SUR LA LIQUIDATION ET LE PARTAGE DES INTERETS PATRIMONIAUX DES EPOUX
L’article 267 du Code civil dispose qu’à défaut de d’un règlement conventionnel par les époux, le juge statue sur les demandes de maintien dans l’indivision, d’attribution préférentielle et d’avance sur part de communauté ou de biens indivis. Il statue sur les demandes de liquidation et de partage des intérêts patrimoniaux, dans les conditions fixées aux articles 1361 à 1378 du Code de procédure civile, s’il est justifié par tous moyens des désaccords subsistants entre les parties notamment en produisant :
— une déclaration commune d’acceptation d’un partage judiciaire, indiquant les points de désaccord entre les époux,
— le projet établi par le notaire désigné sur le fondement du 10° de l’article 255.
Le juge peut, même d’office, statuer sur la détermination du régime matrimonial applicable aux époux.

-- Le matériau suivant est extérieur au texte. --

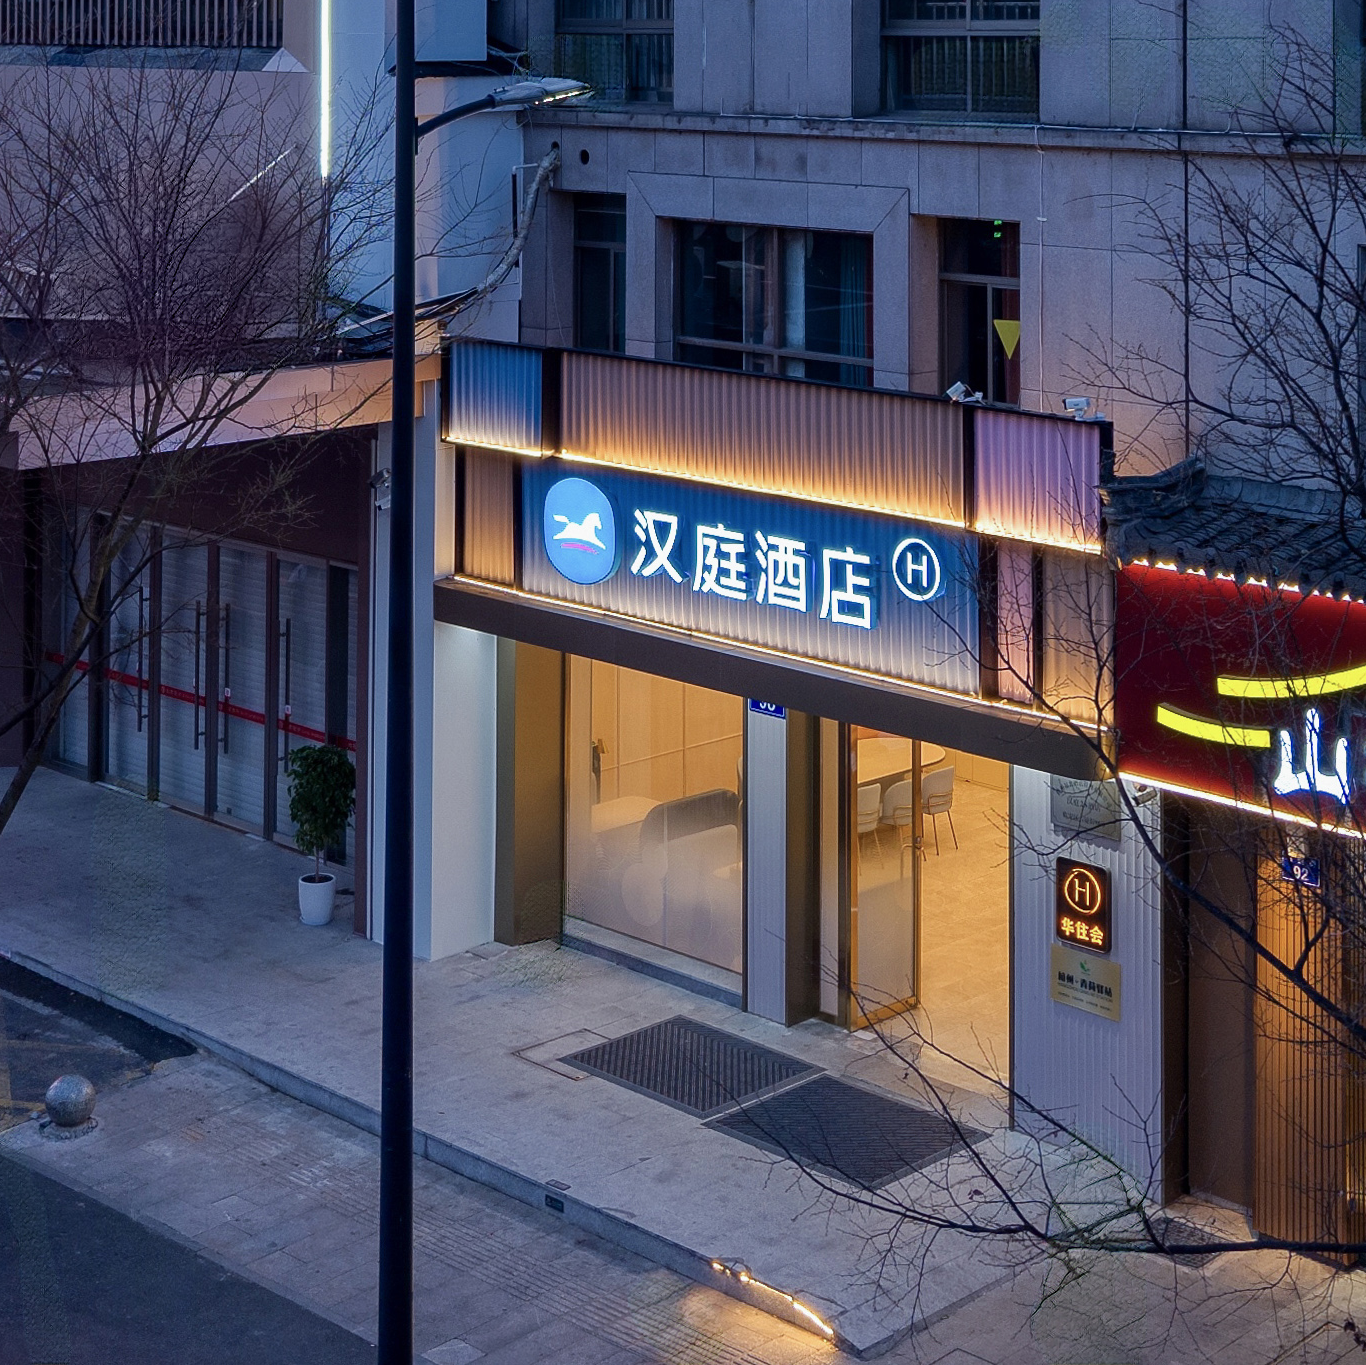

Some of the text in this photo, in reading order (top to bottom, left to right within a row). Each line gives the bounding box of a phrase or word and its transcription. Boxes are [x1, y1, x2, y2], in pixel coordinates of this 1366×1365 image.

En l’espèce, il sera donné acte au demandeur de ses propositions de règlement des intérêts pécuniaires et patrimoniaux.Les parties seront par ailleurs renvoyées à procéder à un partage amiable de leurs intérêts patrimoniaux. Il sera constaté que le régime matrimonial des époux est celui de la séparation de biens.
III.- SUR LES DEPENS
Compte tenu de la nature familiale du litige, chaque partie conservera la charge de ses dépens.
PAR CES MOTIFS
Le Juge aux Affaires Familiales, statuant publiquement après débats en chambre du conseil, par jugement contradictoire, rendu en premier ressort et prononcé par mise à disposition au greffe,
Vu l’assignation en divorce signifiée le 24 avril 2024,
Vu l’ordonnance d’orientation et sur mesures provisoires du 18 juillet 2024,
Vu le procès verbal d’acceptation du principe de la rupture signé par les parties le 4 juillet 2024,
PRONONCE le divorce de :
Monsieur [M] [Y], né le 1er janvier 1980 à DRIÂTE TAMSLOHTE (MAROC),
et de
Madame [X] [I] [P] [T] [B], née le 13 décembre 1962 à METZ (57),
mariés le 7 octobre 2016 à MARRAKECH (MAROC),
Sur le fondement de l’article 233 du Code civil ;
ORDONNE la mention du divorce en marge de l’acte de naissance de l’épouse ;
ORDONNE la transcription du dispositif du présent jugement sur les registres de l’état-civil déposés au service central de l’Etat-Civil du Ministère des Affaires Etrangères établi à NANTES, l’époux étant né à l’étranger et les époux s’étant mariés à l’étranger ;
DONNE ACTE au demandeur de sa proposition de règlement des intérêts pécuniaires et patrimoniaux des époux;
RAPPELLE que la présente décision portera révocation de plein droit des avantages matrimoniaux qui ne prennent effet qu’à la dissolution du régime matrimonial ou au décès de l’un des époux et des dispositions à cause de mort qu’ils auraient pu s’accorder pendant l’union;
RENVOIE les parties à procéder amiablement aux opérations de compte, liquidation et partage de leurs intérêts patrimoniaux et, en cas de litige, à saisir le juge de la liquidation et du partage en application de l’article 1360 du Code de procédure civile ;
DIT que Madame [X] [I] [P] [T] [B] épouse [Y] ne conservera pas l’usage du nom marital à l’issue du prononcé du divorce ;
CONSTATE que le jugement de divorce produit ses effets dans les rapports entre les époux, en ce qui concerne les biens, à la date de la demande en divorce soit le 24 avril 2024 ;
CONSTATE que les parties déclarent avoir opté pour le régime matrimonial de la séparation de biens de sorte et que ce régime leur est applicable ;
CONSTATE l’absence de demande de prestation compensatoire par l’un ou l’autre époux ;
DIT que chaque partie conservera la charge de ses dépens ;
DEBOUTE les parties de leurs demandes plus amples ou contraires.
DIT qu’il appartiendra à la partie la plus diligente de faire procéder à la signification de la présente décision par voie de commissaire de justice.
Jugement prononcé par mise à disposition au greffe et signé par Carine BOUREL,Vice-Présidente, Juge aux Affaires Familiales, et par Victor CHEVALLIER, Greffier.